En tant que modèle, je pensais à une levure ou à une lignée cellulaire de mammifère immortalisée.


J'ai en fait été impliqué dans une chasse aux protéines de point de contrôle chez les diatomées (un type d'algues eucaryotes), la famille des cyclines s'est considérablement élargie dans ces organismes et nous essayions de comprendre ce que ces cyclines supplémentaires détectaient/signalaient[1].

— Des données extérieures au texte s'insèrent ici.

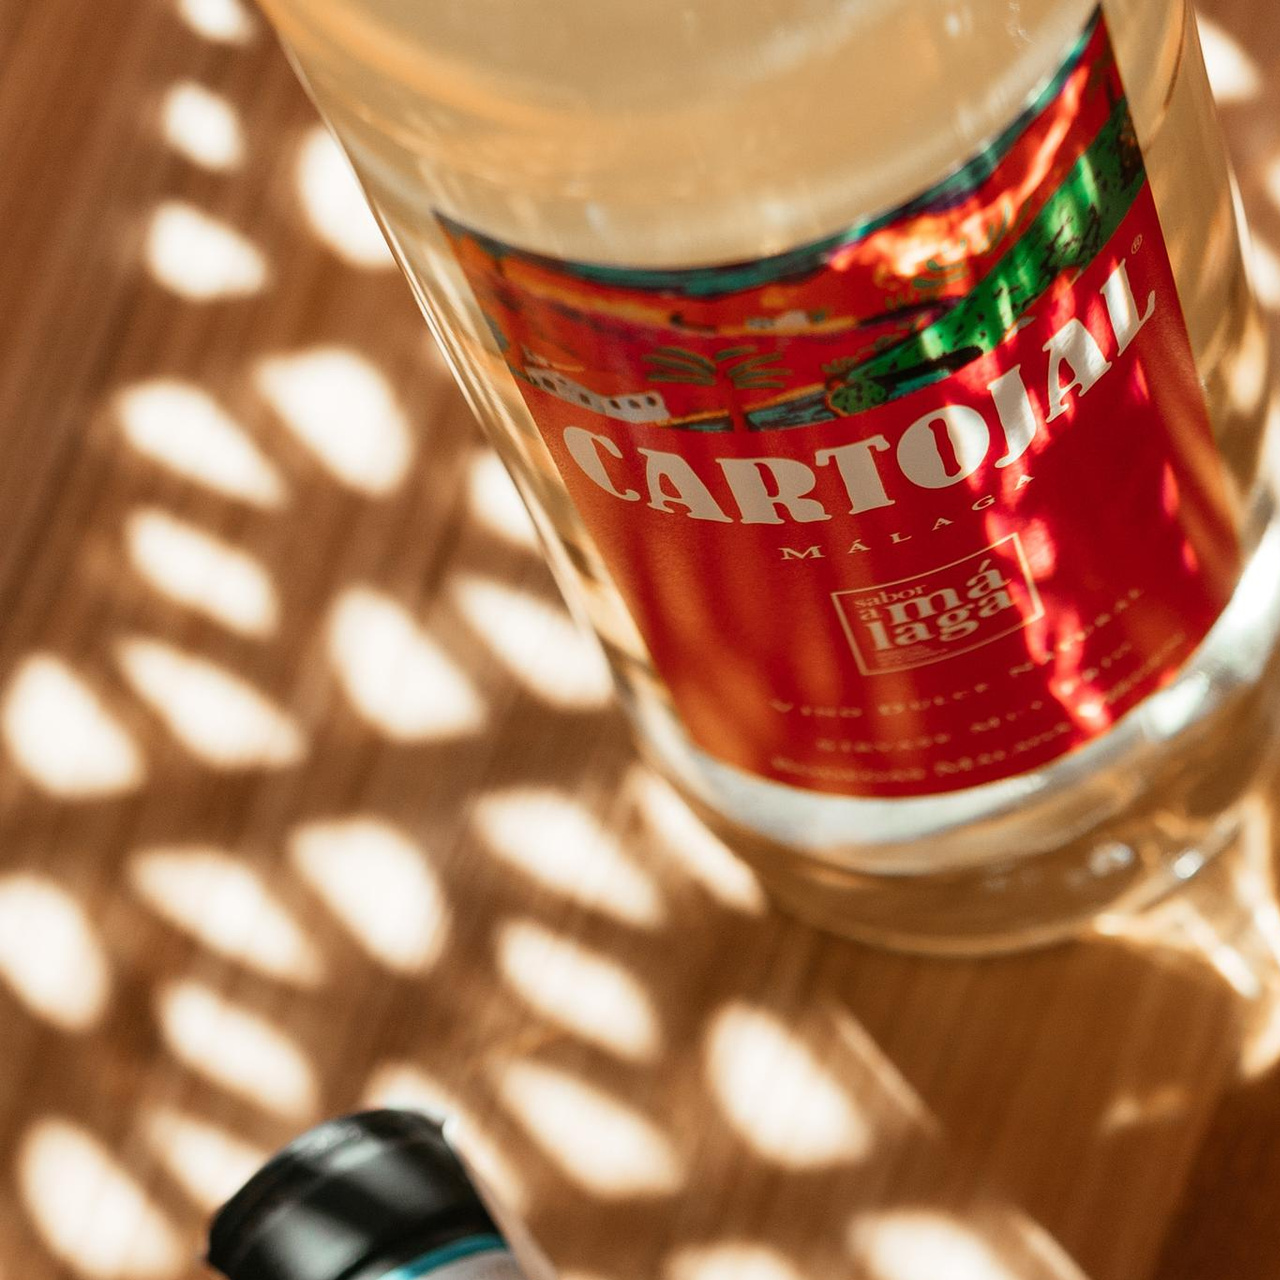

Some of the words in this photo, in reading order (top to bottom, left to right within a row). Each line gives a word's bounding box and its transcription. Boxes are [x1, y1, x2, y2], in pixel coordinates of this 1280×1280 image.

En bref, le premier auteur a examiné différentes conditions susceptibles d'affecter l'expression de la cycline. La plupart de ces conditions ont empêché la division cellulaire (par exemple, manque de nutriments, d'inhibiteurs chimiques G2/M ou de lumière) et des échantillons ont été prélevés avant et après la suppression des conditions de blocage. Ensuite, les ARNm ont été quantifiés des gènes suspectés du cycle cellulaire. Étant donné que l'ARNm et les protéines des gènes du point de contrôle cyclent de manière extrêmement transitoire, cela a demandé du temps. Les cyclines qui ont réagi aux conditions ont été caractérisées à l'aide d'essais de complémentation et d'autres techniques.

Ensuite, deux tests hybrides sur levure ont été utilisés pour identifier les protéines en interaction pour construire le réseau[2]. En général, ces expériences n'étaient pas si simples et jouer avec les gènes essentiels cause beaucoup de problèmes, mais ce n'est toujours rien comparé au travail original sur les cyclines de levure où ils se frayaient un chemin à travers des montagnes de mutants thermosensibles défectueux dans leur cycle cellulaire (voir les travaux de Lee Hartwell et Paul Nurse qui a obtenu le prix Nobel pour cela en 2001 avec Tim Hunt).


Voir la vidéo: la mitose (Décembre 2022).